MATERIAL FOR THE TASK ->

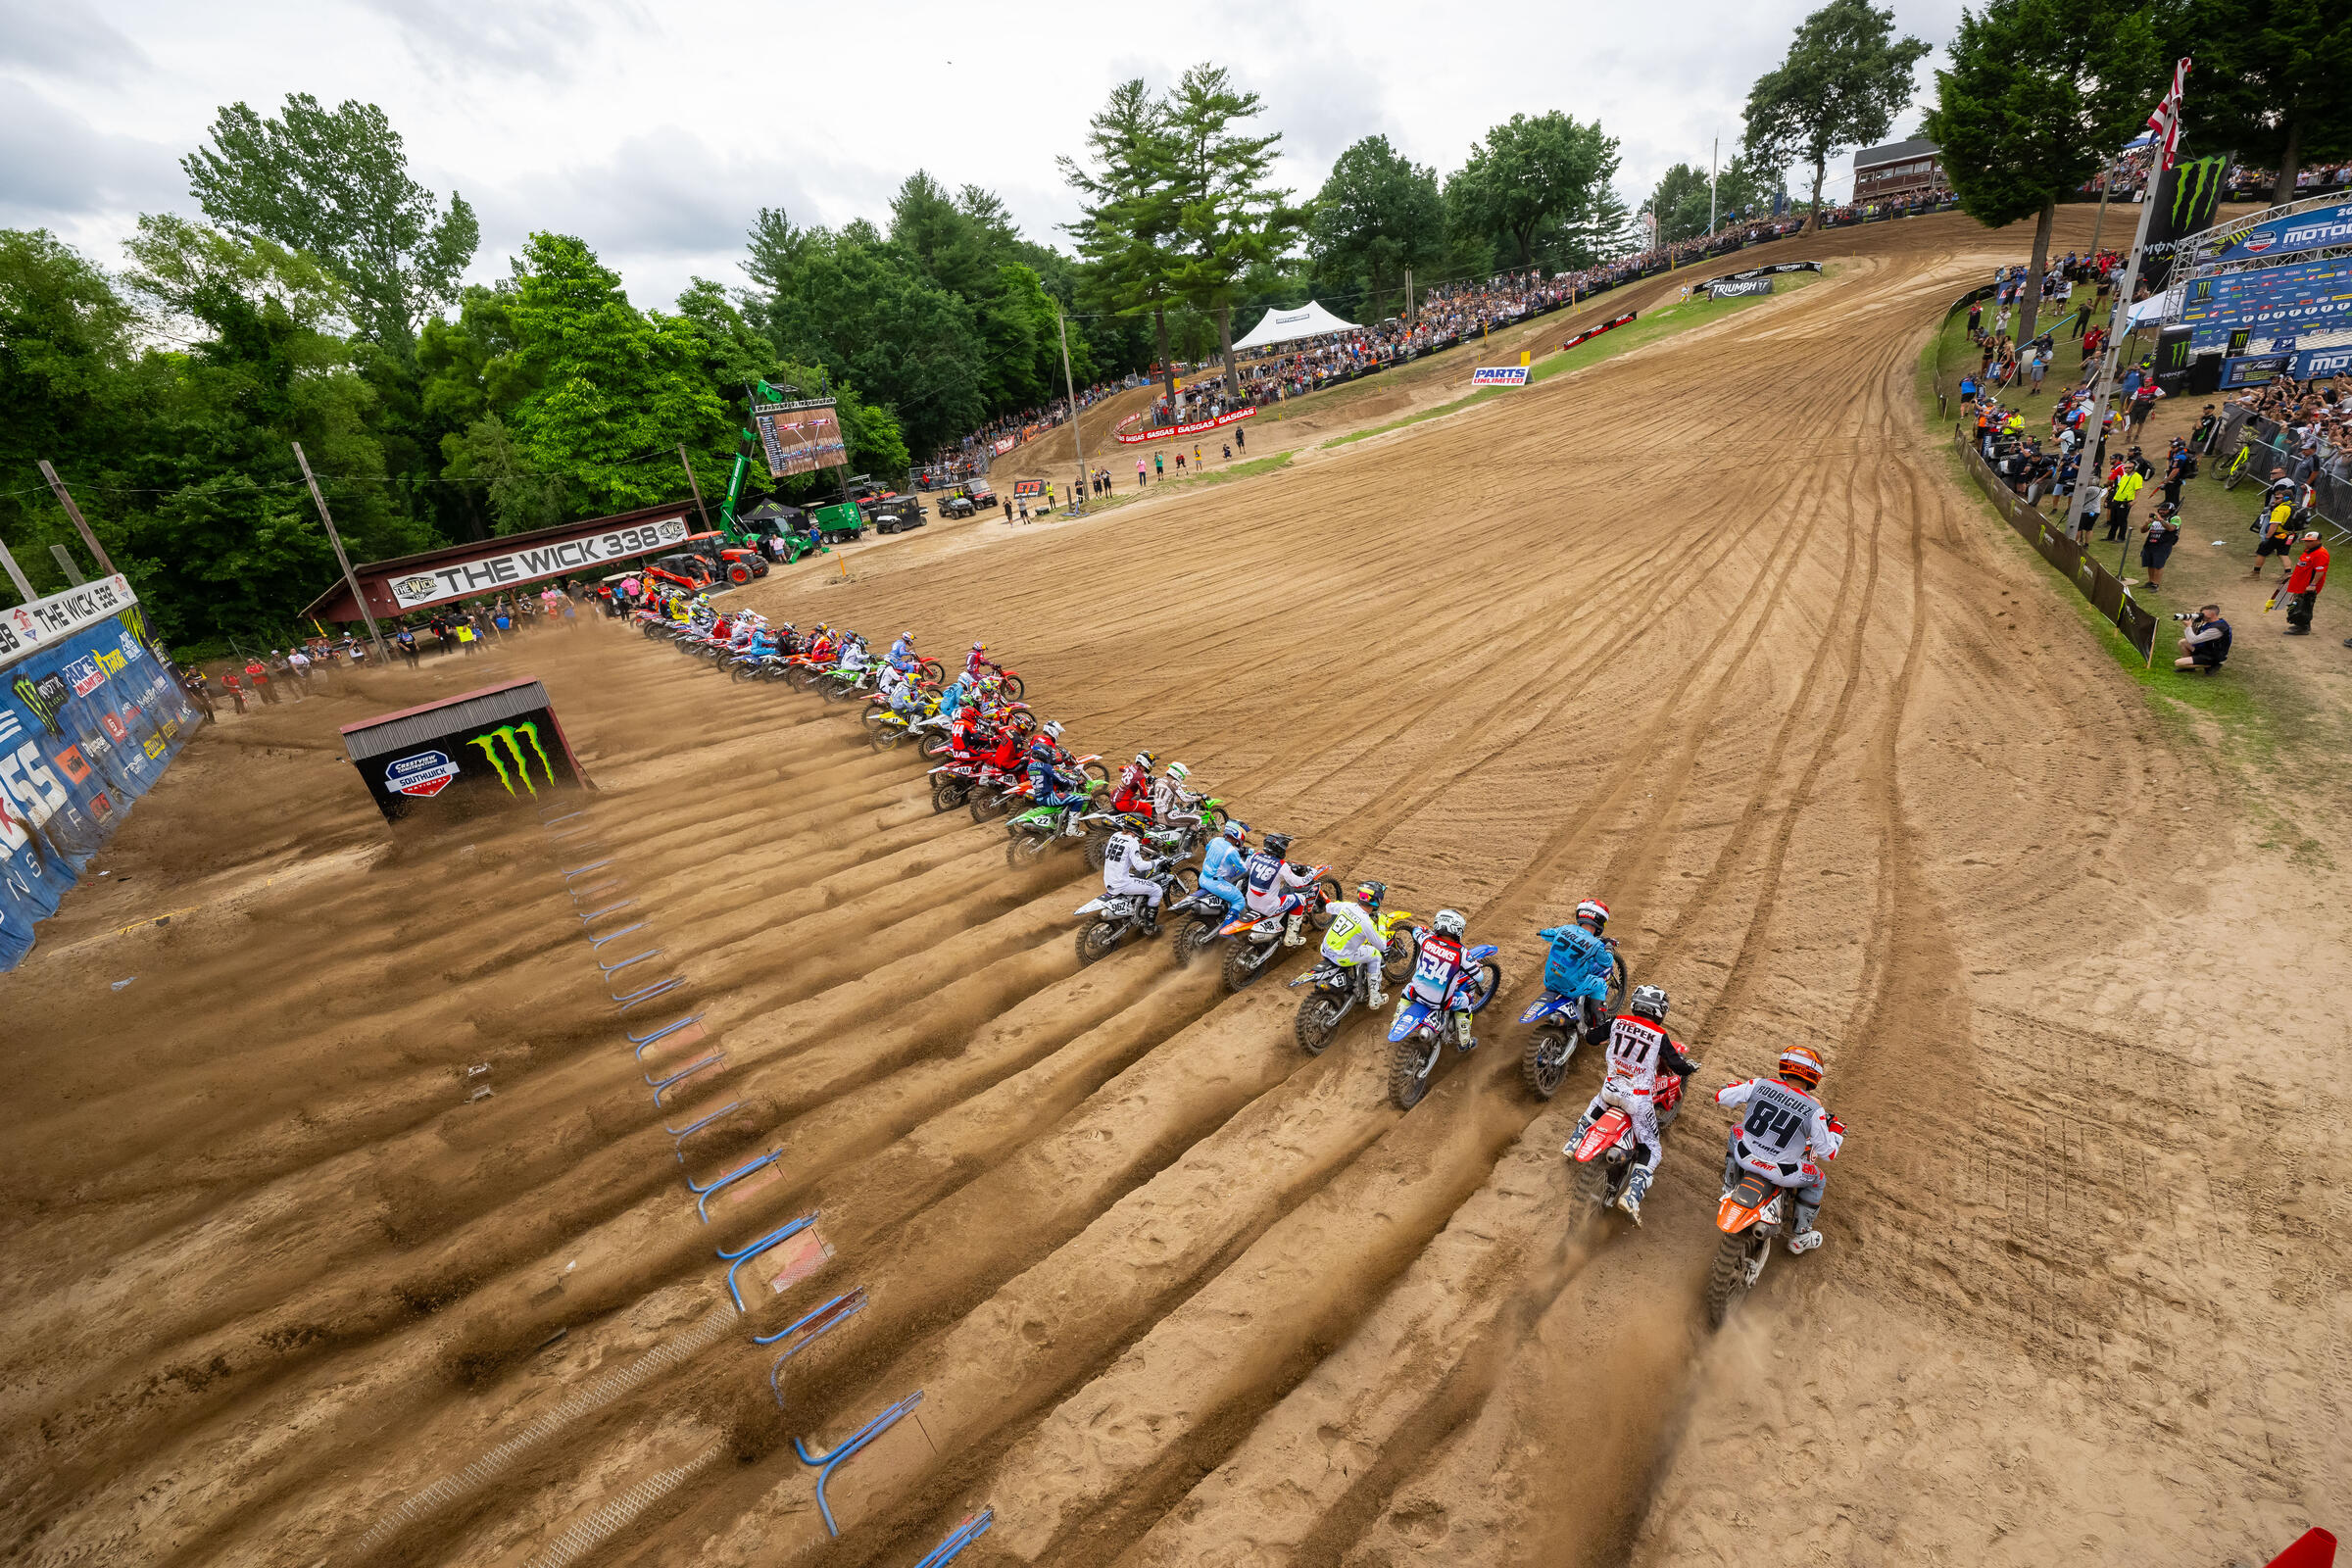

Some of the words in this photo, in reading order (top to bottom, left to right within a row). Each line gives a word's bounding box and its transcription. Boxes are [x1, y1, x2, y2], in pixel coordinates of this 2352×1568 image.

[1713, 281, 1757, 296] TRIUMPH
[1475, 368, 1526, 378] PARTS
[1218, 408, 1255, 424] GASGAS
[1147, 427, 1175, 439] GASGAS
[1177, 419, 1215, 433] GASGAS
[1016, 480, 1042, 494] ETS
[435, 557, 519, 593] THE
[519, 540, 603, 573] WICK
[602, 525, 661, 558] 338
[392, 585, 412, 596] THE
[408, 578, 438, 594] WICK
[32, 603, 71, 633] THE
[62, 591, 101, 621] WICK
[94, 585, 119, 610] 338
[395, 754, 436, 770] CRESTVIEW
[399, 766, 447, 787] SOUTHWICK
[407, 776, 447, 792] NATIONAL
[1111, 835, 1129, 844] TAIT
[1252, 861, 1277, 882] 148
[1111, 901, 1126, 911] 962
[1260, 920, 1275, 932] 148
[1332, 913, 1355, 937] 87
[1424, 941, 1457, 961] BROOKS
[1418, 952, 1452, 986] 534
[1615, 1021, 1656, 1044] STEPEK
[1613, 1032, 1651, 1064] 177
[1755, 1085, 1813, 1117] RODRIGUEZ
[1743, 1099, 1805, 1150] 84

WORK REQUEST ->
The data above must be written out again without alteration, and the pictures in them must be excluded.

RESULT BELOW ->
Some of the words in this photo, in reading order (top to bottom, left to right within a row). Each line gives a word's bounding box and its transcription. Boxes are [x1, y1, x2, y2], in pixel coordinates of this 2352×1568 image.

[1713, 281, 1757, 296] TRIUMPH
[1475, 368, 1526, 378] PARTS
[1218, 408, 1255, 424] GASGAS
[1147, 427, 1175, 439] GASGAS
[1177, 419, 1215, 433] GASGAS
[1016, 480, 1042, 494] ETS
[435, 557, 519, 593] THE
[519, 540, 603, 573] WICK
[602, 525, 661, 558] 338
[392, 585, 412, 596] THE
[408, 578, 438, 594] WICK
[32, 603, 71, 633] THE
[62, 591, 101, 621] WICK
[94, 585, 119, 610] 338
[395, 754, 436, 770] CRESTVIEW
[399, 766, 447, 787] SOUTHWICK
[407, 776, 447, 792] NATIONAL
[1111, 835, 1129, 844] TAIT
[1252, 861, 1277, 882] 148
[1111, 901, 1126, 911] 962
[1260, 920, 1275, 932] 148
[1332, 913, 1355, 937] 87
[1424, 941, 1457, 961] BROOKS
[1418, 952, 1452, 986] 534
[1615, 1021, 1656, 1044] STEPEK
[1613, 1032, 1651, 1064] 177
[1755, 1085, 1813, 1117] RODRIGUEZ
[1743, 1099, 1805, 1150] 84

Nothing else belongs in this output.